Beside the Well
Paula Rineheart in, Strong Women Soft Hearts, said, “Needs are not enemies to conquer, they are part of what keeps us returning to the Lord.” (p 101) That left me meditating for several days. Needs are not enemies to conquer? Am I looking for some celestial type of existence? One in which every need is met and I am not bothered by any discomfort?
Spurgeon also thought on this idea when he said, “If because you are Christians you promise yourselves a long lease of temporal happiness, free from troubles and afflictions, it is as if a soldier going to the wars would promise himself peace and continual truce with the enemy…If there be no war there can be no victory; ease is therefore our loss and hindrance….nearness to God is the one desideratum [something desired] (p 135).
Okay, so needs have their place in life. Since I am the type of person who likes things to be solved and sorted, how am I going to deal with the fact that needs will always be with me?
I imagined myself using my old tactic of the shoulder toss based on 1 Peter 5:7, “Casting all your care upon him; for he careth for you.” I take that burden or care—or need—and cast it over my shoulder to my Lord. He will take care of it. He has promised over and over in His word to take care of me and He knows my needs, even before I do.

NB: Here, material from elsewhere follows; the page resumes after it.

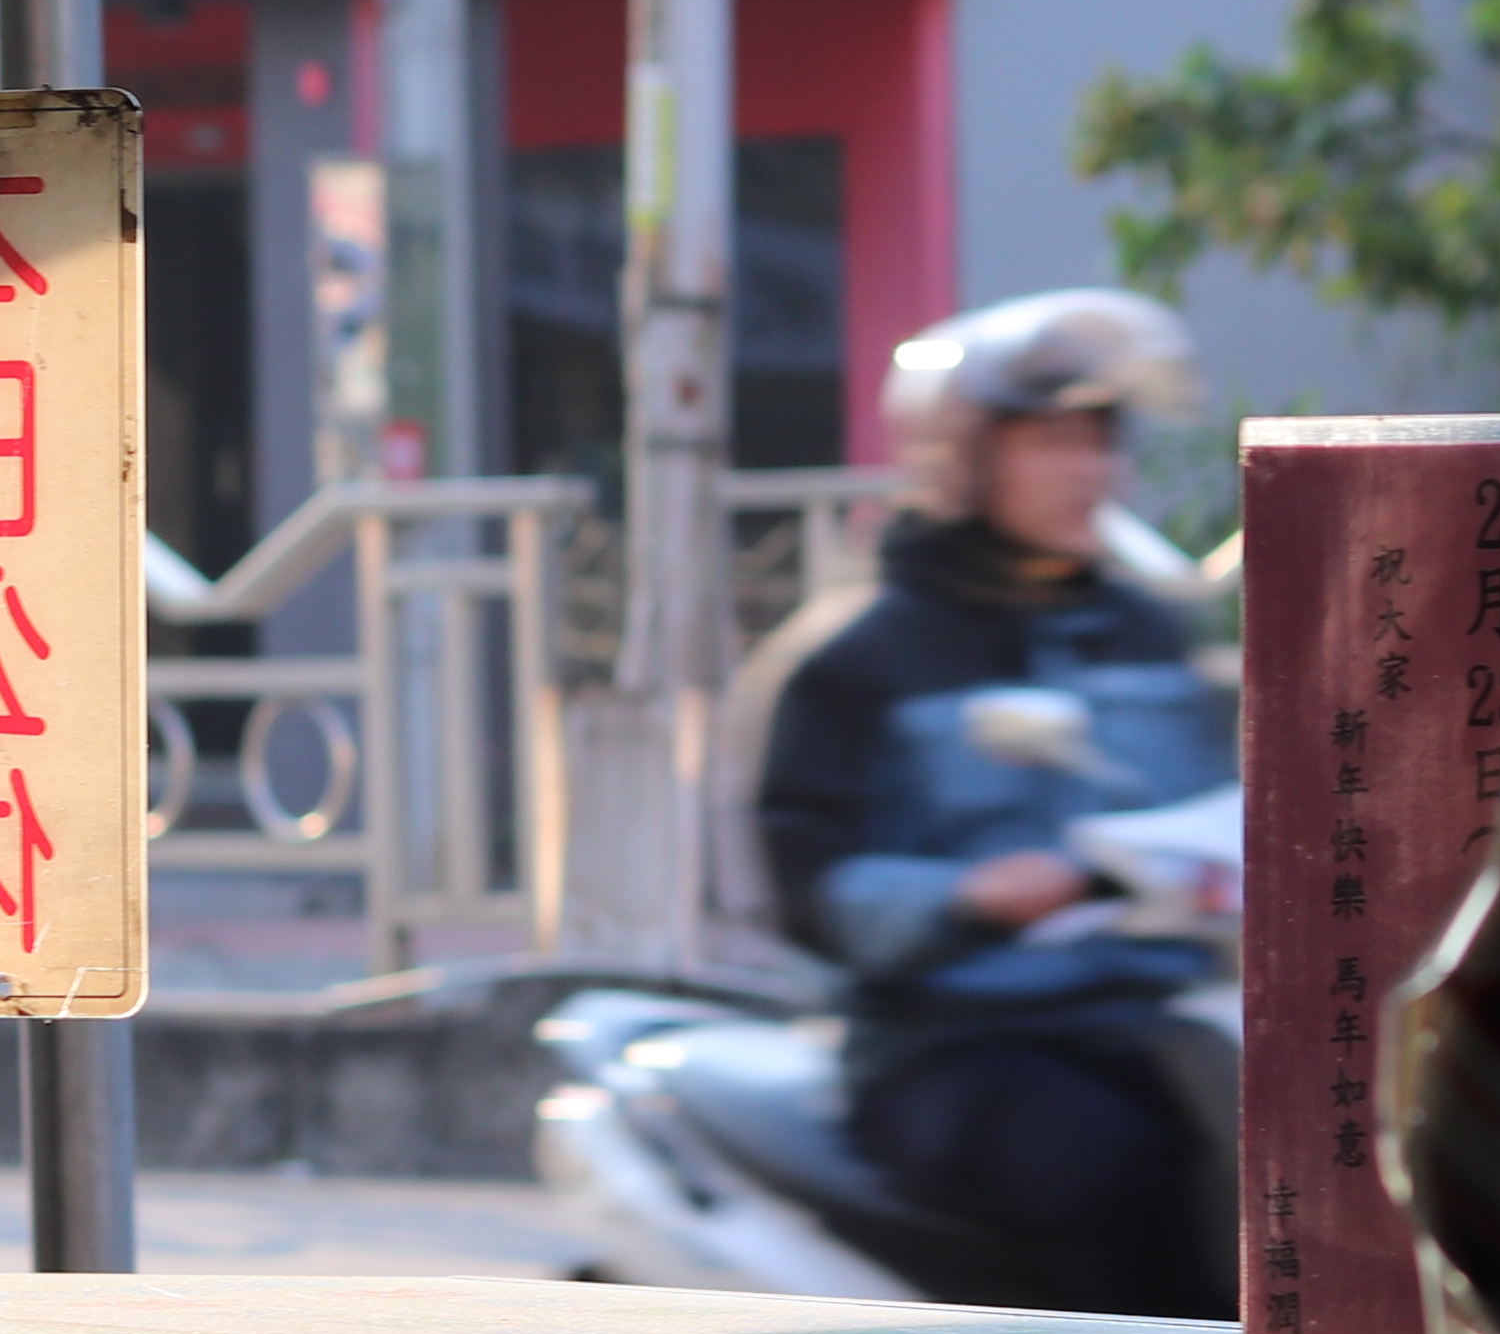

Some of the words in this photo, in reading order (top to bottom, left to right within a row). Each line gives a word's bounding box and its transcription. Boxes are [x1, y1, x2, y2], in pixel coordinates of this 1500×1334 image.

[1370, 546, 1414, 701] 祝大家
[1329, 707, 1370, 919] 新年快樂
[1329, 957, 1370, 1170] 馬年如意

So I can saunter through life without a care in the world because God has my back? That might sound a bit trite, but if God knows I have needs, promises to meet them, and will not give me anything too large for me to toss over my shoulder, then why can’t I walk lightly with a spring in my step? Why would I want to lug that ball and chain of unmet needs down the path with me when I can give them to the Lord?
The wonderful thing about our Lord is He knows my heart. He knows I have trouble letting things go and trusting Him to care for them. He knows I am a “fixer”. He made me that way. But the best fix I can ever have for my needs is the knowledge of His ability and the faith that says the nearer I walk with God, the lighter the burden.
“Come unto me, all ye that labour and are heavy laden, and I will give you rest. Take my yoke upon you and learn of me; for I am meek and lowly in heart: and ye shall find rest unto your souls. For my yoke is easy, and my burden is light” (Matthew 11:28, 29).
I don’t have to conquer my needs or fear them. They can flow alongside me because they prompt me to look to my Lord who is able to take care of every one of them.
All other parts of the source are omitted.